The centrepiece of the collection. The reason the collection unites. The reason we pick up the phone, twist it with our fingers and plead with the front desk to bring us fries. The french ones, with mayonnaise and ketchup, in the little jars, like they do in France. I want french fries in my worldly hotel. It doesn’t matter where the hotel is. We’re here for the inside not the outside. We’re here for the comfort, not the adventure. Room service is indulgent, lazy, overpriced and if we’re to be honest, not very good in terms of its quality. It’s delivered kinda cold and kinda a mess. But some of us still swoon. We swoon for the experience, for the presence of the first point—that it’s indulgent, luxurious. That’s the thing about luxury—it looks better when you’re pining over it than it feels to have it yourself. To pay for it yourself. Luxury is having something others want, and when you get it yourself, the question comes into play—now what?

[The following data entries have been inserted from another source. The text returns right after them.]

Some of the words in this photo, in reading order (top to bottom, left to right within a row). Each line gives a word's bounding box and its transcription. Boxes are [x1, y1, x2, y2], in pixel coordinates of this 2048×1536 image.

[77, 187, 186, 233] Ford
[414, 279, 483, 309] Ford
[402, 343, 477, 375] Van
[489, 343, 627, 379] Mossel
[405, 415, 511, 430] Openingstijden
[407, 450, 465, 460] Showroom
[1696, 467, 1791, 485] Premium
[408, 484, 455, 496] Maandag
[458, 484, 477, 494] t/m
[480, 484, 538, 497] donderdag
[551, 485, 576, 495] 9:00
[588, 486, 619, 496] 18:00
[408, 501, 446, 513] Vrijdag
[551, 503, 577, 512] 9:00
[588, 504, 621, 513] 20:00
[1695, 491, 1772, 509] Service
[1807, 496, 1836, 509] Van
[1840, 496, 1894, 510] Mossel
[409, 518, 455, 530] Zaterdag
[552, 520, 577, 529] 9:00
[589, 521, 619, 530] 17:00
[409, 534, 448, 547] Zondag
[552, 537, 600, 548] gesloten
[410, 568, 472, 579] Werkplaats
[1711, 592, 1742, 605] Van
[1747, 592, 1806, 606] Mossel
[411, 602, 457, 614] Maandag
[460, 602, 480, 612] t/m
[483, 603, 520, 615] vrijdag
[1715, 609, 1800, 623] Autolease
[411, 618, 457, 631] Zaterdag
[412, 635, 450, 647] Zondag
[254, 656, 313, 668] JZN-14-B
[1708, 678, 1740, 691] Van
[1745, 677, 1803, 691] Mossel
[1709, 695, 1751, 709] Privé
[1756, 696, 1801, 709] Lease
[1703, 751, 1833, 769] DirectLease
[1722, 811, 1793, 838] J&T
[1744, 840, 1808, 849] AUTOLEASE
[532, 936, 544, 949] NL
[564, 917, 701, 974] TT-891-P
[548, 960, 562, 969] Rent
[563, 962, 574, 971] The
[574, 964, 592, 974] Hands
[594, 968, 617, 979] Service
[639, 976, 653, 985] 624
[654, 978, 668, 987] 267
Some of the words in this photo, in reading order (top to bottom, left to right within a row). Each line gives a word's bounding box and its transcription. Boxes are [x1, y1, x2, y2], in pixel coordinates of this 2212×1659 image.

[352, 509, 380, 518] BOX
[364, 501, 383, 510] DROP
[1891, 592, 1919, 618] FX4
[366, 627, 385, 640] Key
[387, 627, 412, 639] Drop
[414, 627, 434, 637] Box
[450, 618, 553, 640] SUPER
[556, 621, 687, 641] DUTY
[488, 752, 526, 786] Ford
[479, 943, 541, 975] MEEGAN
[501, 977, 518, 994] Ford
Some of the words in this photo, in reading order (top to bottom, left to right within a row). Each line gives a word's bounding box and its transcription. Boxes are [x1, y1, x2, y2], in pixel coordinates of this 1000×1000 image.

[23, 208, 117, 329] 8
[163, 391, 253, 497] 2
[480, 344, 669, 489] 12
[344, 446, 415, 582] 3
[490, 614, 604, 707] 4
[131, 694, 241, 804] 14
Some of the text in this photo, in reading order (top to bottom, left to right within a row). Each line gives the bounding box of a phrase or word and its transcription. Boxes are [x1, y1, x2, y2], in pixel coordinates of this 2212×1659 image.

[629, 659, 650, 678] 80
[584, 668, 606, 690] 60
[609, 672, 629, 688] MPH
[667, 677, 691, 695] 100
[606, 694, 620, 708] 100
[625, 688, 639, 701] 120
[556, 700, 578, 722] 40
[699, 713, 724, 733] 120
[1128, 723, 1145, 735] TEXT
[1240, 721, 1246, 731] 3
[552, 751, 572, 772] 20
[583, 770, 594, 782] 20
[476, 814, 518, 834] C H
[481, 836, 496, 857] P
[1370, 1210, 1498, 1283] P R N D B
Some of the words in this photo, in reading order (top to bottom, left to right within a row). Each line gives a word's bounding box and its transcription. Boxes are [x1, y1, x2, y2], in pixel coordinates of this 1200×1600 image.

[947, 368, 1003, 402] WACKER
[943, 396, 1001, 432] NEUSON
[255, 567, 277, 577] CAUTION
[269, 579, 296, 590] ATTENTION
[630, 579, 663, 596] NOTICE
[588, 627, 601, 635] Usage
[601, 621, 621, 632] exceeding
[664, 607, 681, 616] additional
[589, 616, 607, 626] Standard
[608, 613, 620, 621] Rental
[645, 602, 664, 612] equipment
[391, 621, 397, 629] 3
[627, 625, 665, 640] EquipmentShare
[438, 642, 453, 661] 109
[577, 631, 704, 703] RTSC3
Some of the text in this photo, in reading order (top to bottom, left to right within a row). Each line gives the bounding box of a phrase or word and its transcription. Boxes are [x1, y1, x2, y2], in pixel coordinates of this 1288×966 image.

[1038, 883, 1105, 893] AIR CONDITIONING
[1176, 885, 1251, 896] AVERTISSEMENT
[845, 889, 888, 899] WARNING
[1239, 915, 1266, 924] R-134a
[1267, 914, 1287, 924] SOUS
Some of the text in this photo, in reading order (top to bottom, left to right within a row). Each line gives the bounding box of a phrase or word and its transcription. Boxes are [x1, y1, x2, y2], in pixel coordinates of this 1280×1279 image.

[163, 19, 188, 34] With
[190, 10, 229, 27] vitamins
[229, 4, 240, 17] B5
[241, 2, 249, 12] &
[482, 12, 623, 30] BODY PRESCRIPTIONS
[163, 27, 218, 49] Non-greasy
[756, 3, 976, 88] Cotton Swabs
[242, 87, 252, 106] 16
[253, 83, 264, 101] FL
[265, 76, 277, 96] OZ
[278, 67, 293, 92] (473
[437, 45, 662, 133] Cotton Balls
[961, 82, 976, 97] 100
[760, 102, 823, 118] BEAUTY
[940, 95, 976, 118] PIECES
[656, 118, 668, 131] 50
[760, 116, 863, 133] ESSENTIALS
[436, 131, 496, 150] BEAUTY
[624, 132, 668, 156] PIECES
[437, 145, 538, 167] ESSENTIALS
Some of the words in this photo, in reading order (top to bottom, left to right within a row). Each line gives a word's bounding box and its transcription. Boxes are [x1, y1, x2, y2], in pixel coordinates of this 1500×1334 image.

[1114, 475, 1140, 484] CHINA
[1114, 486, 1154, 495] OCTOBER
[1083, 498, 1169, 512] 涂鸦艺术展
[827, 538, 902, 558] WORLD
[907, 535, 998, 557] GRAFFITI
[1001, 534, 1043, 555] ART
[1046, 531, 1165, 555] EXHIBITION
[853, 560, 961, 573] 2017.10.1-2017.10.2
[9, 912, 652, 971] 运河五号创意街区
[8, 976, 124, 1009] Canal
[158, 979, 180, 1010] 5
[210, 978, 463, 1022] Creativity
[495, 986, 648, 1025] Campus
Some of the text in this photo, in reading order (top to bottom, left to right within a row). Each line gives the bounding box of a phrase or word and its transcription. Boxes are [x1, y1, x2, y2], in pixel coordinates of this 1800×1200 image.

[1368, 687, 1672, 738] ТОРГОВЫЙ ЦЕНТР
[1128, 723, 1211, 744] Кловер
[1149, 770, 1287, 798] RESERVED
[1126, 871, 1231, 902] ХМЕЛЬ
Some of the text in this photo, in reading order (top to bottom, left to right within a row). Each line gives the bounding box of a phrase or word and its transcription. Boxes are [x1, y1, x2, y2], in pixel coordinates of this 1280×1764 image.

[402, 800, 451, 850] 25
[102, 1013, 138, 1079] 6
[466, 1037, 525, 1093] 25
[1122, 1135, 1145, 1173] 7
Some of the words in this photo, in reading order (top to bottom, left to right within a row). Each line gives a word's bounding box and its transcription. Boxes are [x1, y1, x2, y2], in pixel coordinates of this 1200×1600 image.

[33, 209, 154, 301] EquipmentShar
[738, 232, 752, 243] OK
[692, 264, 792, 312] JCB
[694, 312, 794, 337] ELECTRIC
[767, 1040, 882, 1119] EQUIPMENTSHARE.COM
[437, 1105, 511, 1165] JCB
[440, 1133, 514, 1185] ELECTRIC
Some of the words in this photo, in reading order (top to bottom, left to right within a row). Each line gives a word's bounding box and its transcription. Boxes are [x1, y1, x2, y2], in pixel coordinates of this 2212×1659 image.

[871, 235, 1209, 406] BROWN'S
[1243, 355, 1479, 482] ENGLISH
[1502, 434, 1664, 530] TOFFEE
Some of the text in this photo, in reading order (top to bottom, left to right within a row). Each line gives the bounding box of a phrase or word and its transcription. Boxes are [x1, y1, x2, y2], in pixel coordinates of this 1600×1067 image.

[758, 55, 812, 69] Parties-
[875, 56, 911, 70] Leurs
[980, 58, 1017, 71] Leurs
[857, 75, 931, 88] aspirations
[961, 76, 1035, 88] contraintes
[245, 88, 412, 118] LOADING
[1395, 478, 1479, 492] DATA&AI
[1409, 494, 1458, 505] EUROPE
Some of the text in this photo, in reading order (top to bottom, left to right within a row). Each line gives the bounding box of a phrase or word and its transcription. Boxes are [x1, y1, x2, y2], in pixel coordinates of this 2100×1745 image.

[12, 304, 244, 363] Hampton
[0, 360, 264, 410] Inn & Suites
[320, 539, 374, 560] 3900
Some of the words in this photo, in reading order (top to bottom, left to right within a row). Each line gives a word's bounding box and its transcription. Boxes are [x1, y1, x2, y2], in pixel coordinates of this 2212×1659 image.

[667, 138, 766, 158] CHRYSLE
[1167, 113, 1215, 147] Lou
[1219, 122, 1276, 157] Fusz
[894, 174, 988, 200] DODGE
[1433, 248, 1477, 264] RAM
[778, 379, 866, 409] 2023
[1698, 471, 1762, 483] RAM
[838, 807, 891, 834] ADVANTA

This serving suggestion is trying to be sexy. I’m trying to remind the viewer of late nights and conversations continued into a private room. The silver tray used not just for fries. Sterling silver and a white starched napkin, the appearance of white-glove service holding deep-fried potatoes. The real cravings lay bare in front of all the performance. Because that’s who we are. Underneath the white sheets of the hotel and the clean fluffy towels, underneath the glitter on your eyelids or the perfume on your neck, is the same sweating, status-craven animal we’re all trying to hide. Give us our fries.